But Gardner had concluded, says Hall, that the only way that Nevada ranchers will ever get justice would be to get the U.S. Forest Service entirely out of Nevada.
Cliff and Bertha Gardner had decided they had to do something different, and what they had decided to do was force the government's hand.
Throughout the rest of the 1994 grazing season, they continued to ignore Forest Service directives and assessed fees, and when the federal government filed a complaint in May of 1995, seeking both damages and an injunction against further unpermitted grazing, they answered the federal motion for a summary judgement by admitting the basic charge of allowing the livestock to graze without a permit.
Then, when the federal district court in Reno granted the Justice Department's motion for summary judgement on October 6, 1995, just four days later on October 10, Gardner attorney Hall filed an appeal to the United States Court of Appeals for the Ninth Circuit.
And the appeal struck at the very heart of federal agencies's power in the state of Nevada - the federal government's claim to own the land next to the Gardner ranch. Necessarily, the appeal arguments brings into question the legitimacy of the federal claim to 87 percent of the land within the borders of Nevada, and indeed, the legitimacy of the Federal Government's position in all of the Western so-called "public domain" states.
The merits of the arguments are, of course, hotly disputed between the Gardner legal team and its supporters on one side, and the Justice Department attorneys and their supporters on the other. Later in this series, Electric Nevada will explore those arguments in detail. They go to the question of exactly what America's Founding Fathers intended the land-owning powers of the federal government to be, and whether federal shenanigans over the decades have violated the equal footing doctrine guaranteed to the states in the Constitution.

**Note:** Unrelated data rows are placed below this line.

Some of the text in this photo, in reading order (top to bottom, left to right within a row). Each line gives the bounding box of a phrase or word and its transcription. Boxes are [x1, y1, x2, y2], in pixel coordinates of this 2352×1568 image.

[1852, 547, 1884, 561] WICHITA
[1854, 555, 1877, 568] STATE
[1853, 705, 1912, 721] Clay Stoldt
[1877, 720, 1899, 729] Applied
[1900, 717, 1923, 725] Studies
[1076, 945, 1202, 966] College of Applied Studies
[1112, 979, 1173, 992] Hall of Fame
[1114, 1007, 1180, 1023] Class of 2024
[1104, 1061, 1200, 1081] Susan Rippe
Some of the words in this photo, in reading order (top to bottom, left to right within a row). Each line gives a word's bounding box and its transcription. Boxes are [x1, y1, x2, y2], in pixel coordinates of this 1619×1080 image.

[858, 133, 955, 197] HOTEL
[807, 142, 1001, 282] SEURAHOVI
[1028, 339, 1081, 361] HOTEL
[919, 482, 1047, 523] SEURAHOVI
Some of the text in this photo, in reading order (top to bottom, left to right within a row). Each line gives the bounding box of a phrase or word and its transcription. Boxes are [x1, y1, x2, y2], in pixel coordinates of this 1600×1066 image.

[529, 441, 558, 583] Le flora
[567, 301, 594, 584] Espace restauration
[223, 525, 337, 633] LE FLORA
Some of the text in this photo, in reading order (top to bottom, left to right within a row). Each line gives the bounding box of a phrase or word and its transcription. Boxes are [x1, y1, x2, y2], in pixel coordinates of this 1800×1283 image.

But already federal lawyers have telegraphed their concern about the weight of Hall's appeal. First there was four months of silence from the Justice Department and then, apparently after some active recruiting behind the scenes, attorney generals from five western states (including Nevada) - all of them Democrats -- weighed in on the side of the feds with friend-of-the-court briefs opposing Gardner's states-rights arguments.
Ed Presley, a member of the Gardner legal team, thinks the state lawyers doth protest too much.
Why would they so easily concede federal ownership, against the interest of their states, and why would they even bother to chime in and raise the profile of the case, if -- as Justice Department attorneys argued - it is only a mere case of trespass?
Whatever the answers, there is no question that Cliff and Bertha Gardner, when faced with an unresponsive, and in their view, hostile federal agency, really did end up doing something quite different.